### EXERCISE MATERIAL
=-=-=

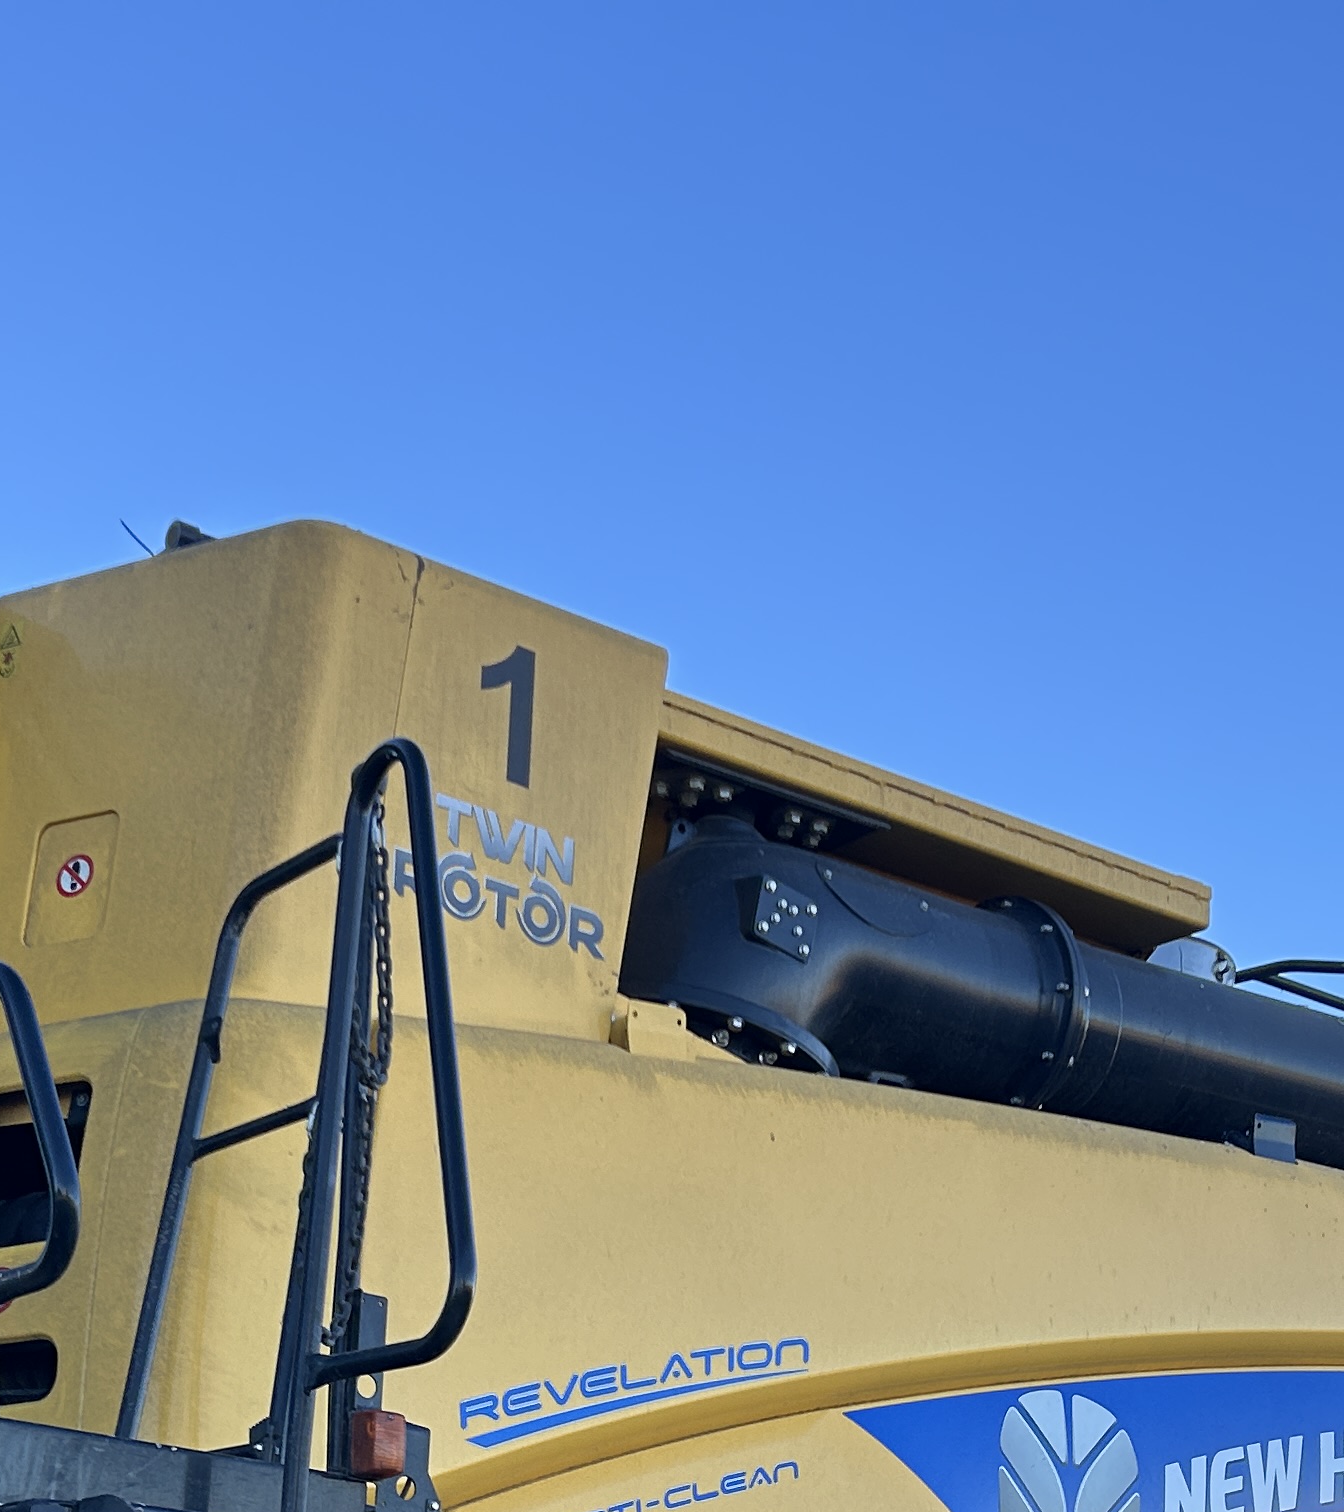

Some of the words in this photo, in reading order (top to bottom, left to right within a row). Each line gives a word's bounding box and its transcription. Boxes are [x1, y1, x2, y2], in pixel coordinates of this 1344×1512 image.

[480, 645, 536, 789] 1
[436, 792, 576, 887] TWIN
[459, 1336, 810, 1430] REVELATION
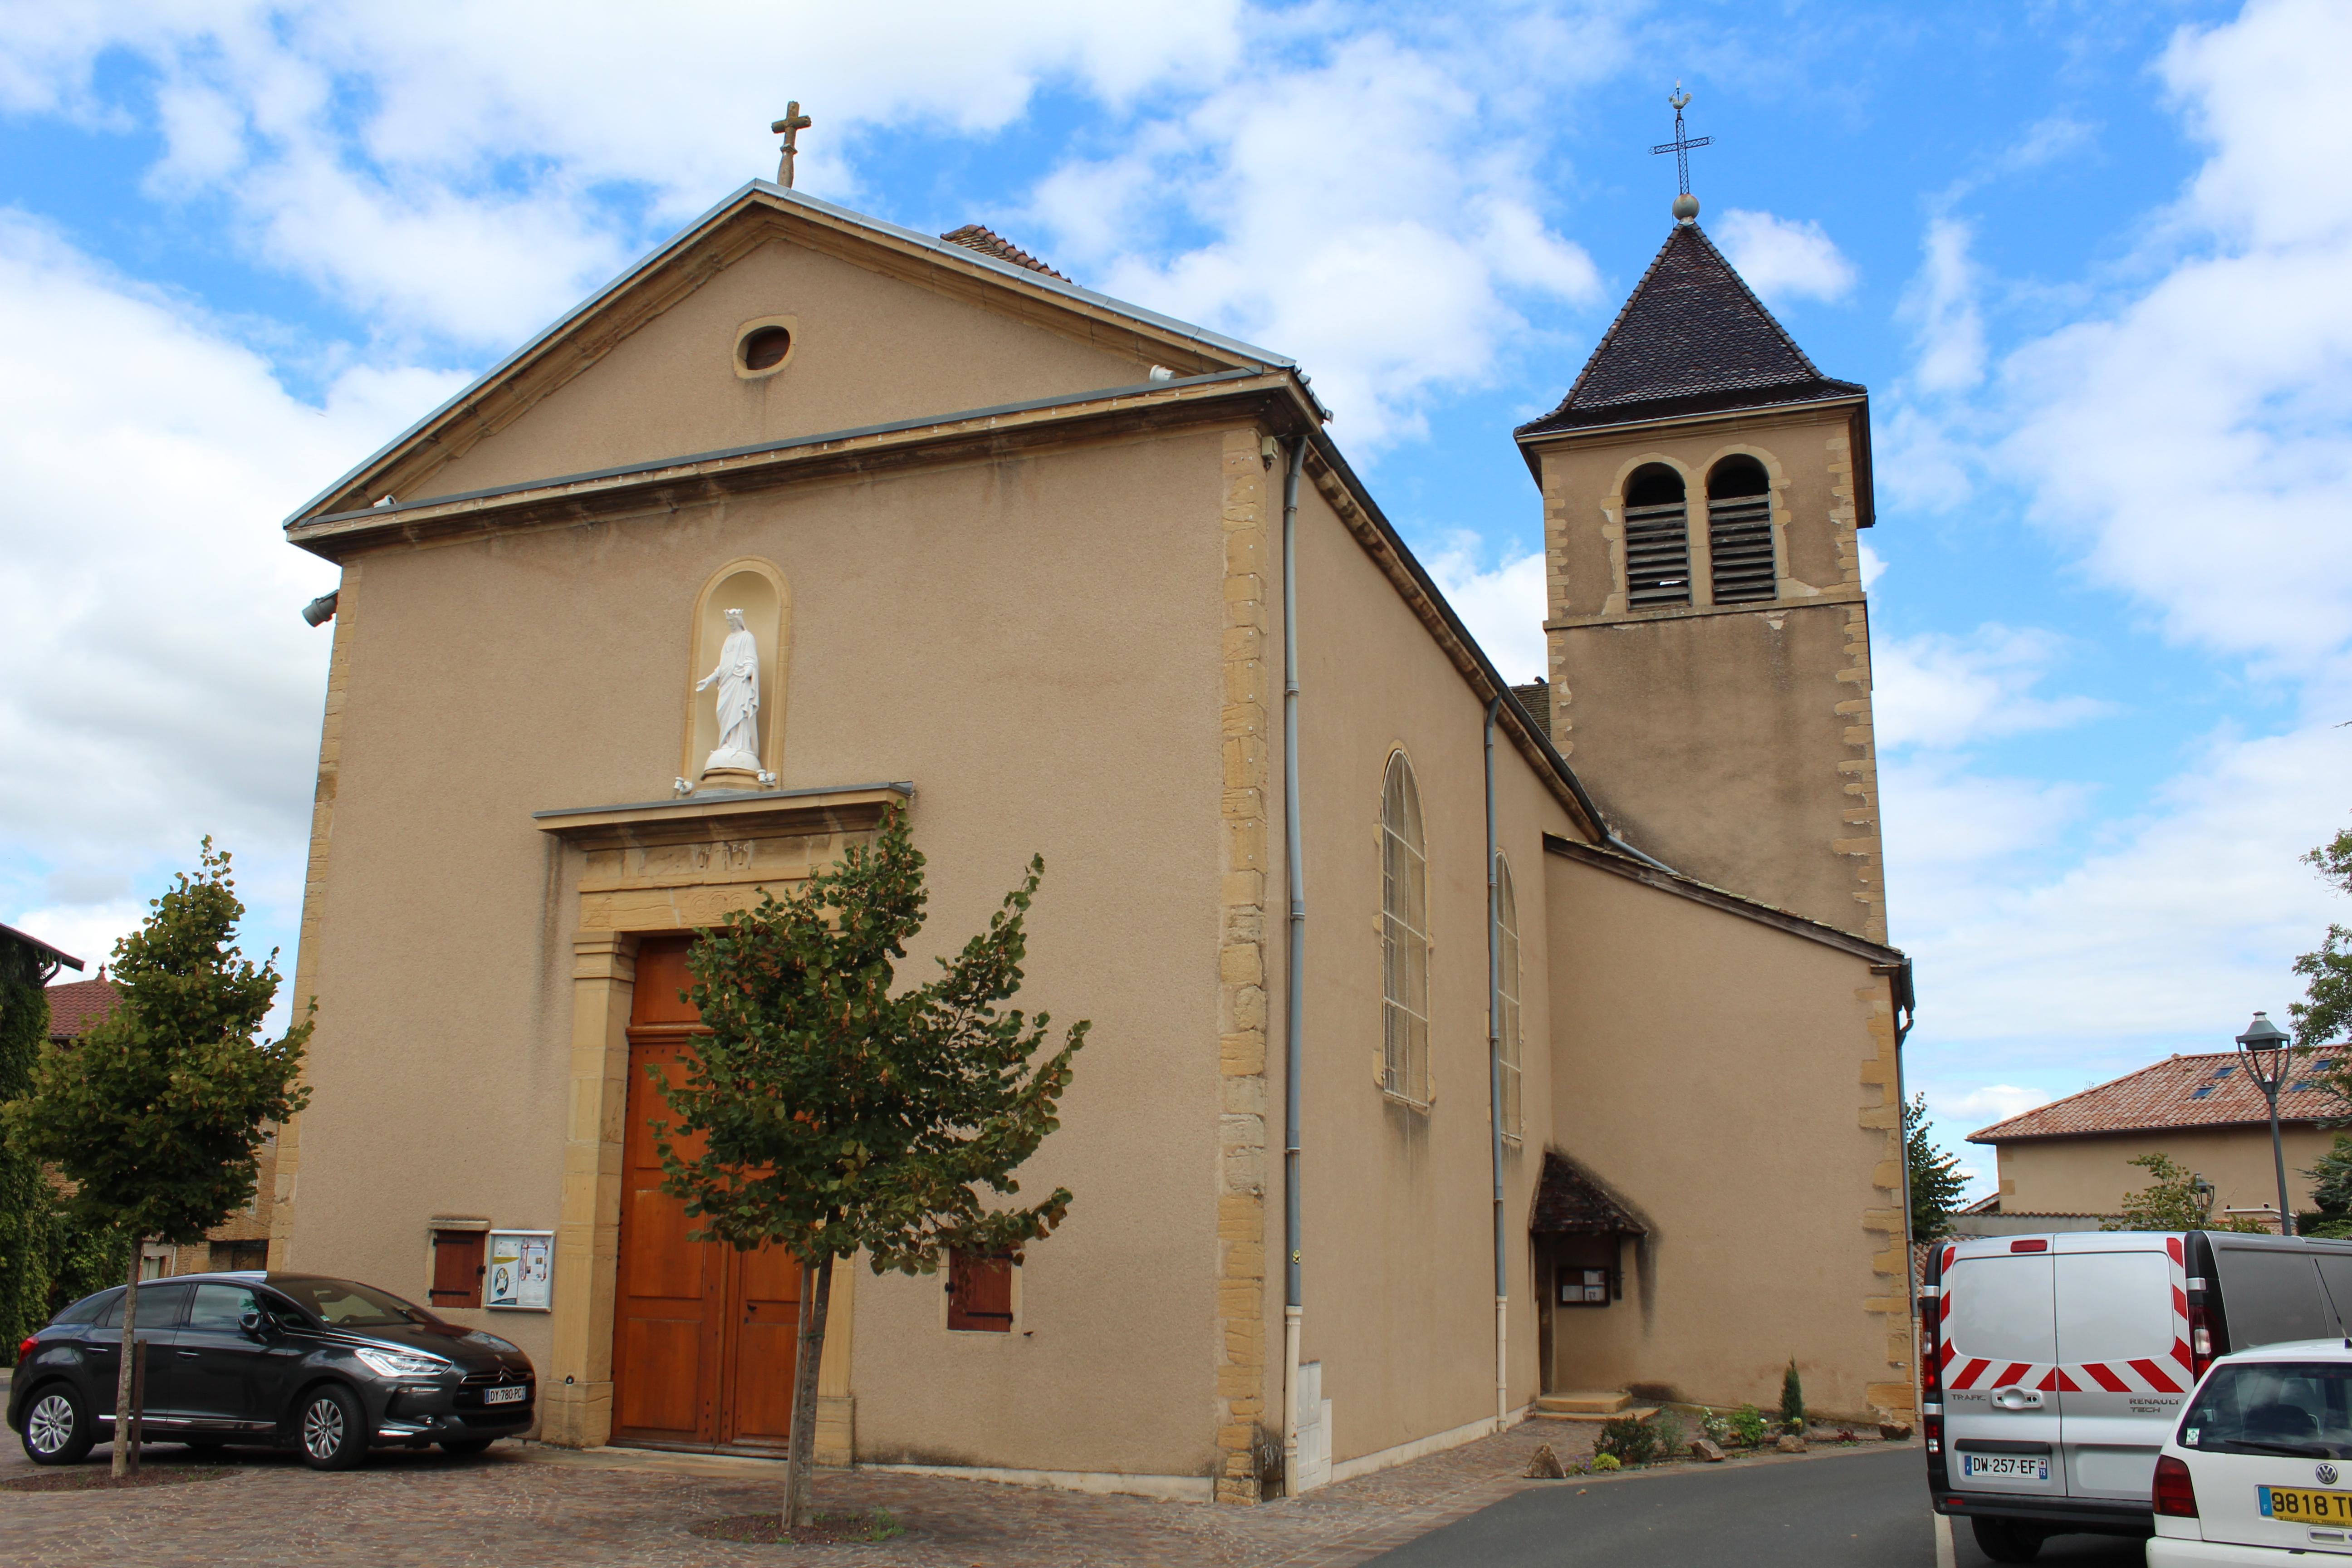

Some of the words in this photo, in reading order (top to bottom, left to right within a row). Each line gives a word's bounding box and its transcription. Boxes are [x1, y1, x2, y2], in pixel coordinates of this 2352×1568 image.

[490, 1388, 522, 1401] DY-780-PC
[1974, 1457, 2036, 1474] DW-257-EF
[2271, 1492, 2328, 1516] 9818
[2332, 1496, 2352, 1518] T

=-=-=

### YOUR GOAL
Return the entries above in full and unchanged, omitting every image.

### ANSWER BELOW
Some of the words in this photo, in reading order (top to bottom, left to right within a row). Each line gives a word's bounding box and its transcription. Boxes are [x1, y1, x2, y2], in pixel coordinates of this 1344×1512 image.

[480, 645, 536, 789] 1
[436, 792, 576, 887] TWIN
[459, 1336, 810, 1430] REVELATION

Some of the words in this photo, in reading order (top to bottom, left to right within a row). Each line gives a word's bounding box and its transcription. Boxes are [x1, y1, x2, y2], in pixel coordinates of this 2352×1568 image.

[490, 1388, 522, 1401] DY-780-PC
[1974, 1457, 2036, 1474] DW-257-EF
[2271, 1492, 2328, 1516] 9818
[2332, 1496, 2352, 1518] T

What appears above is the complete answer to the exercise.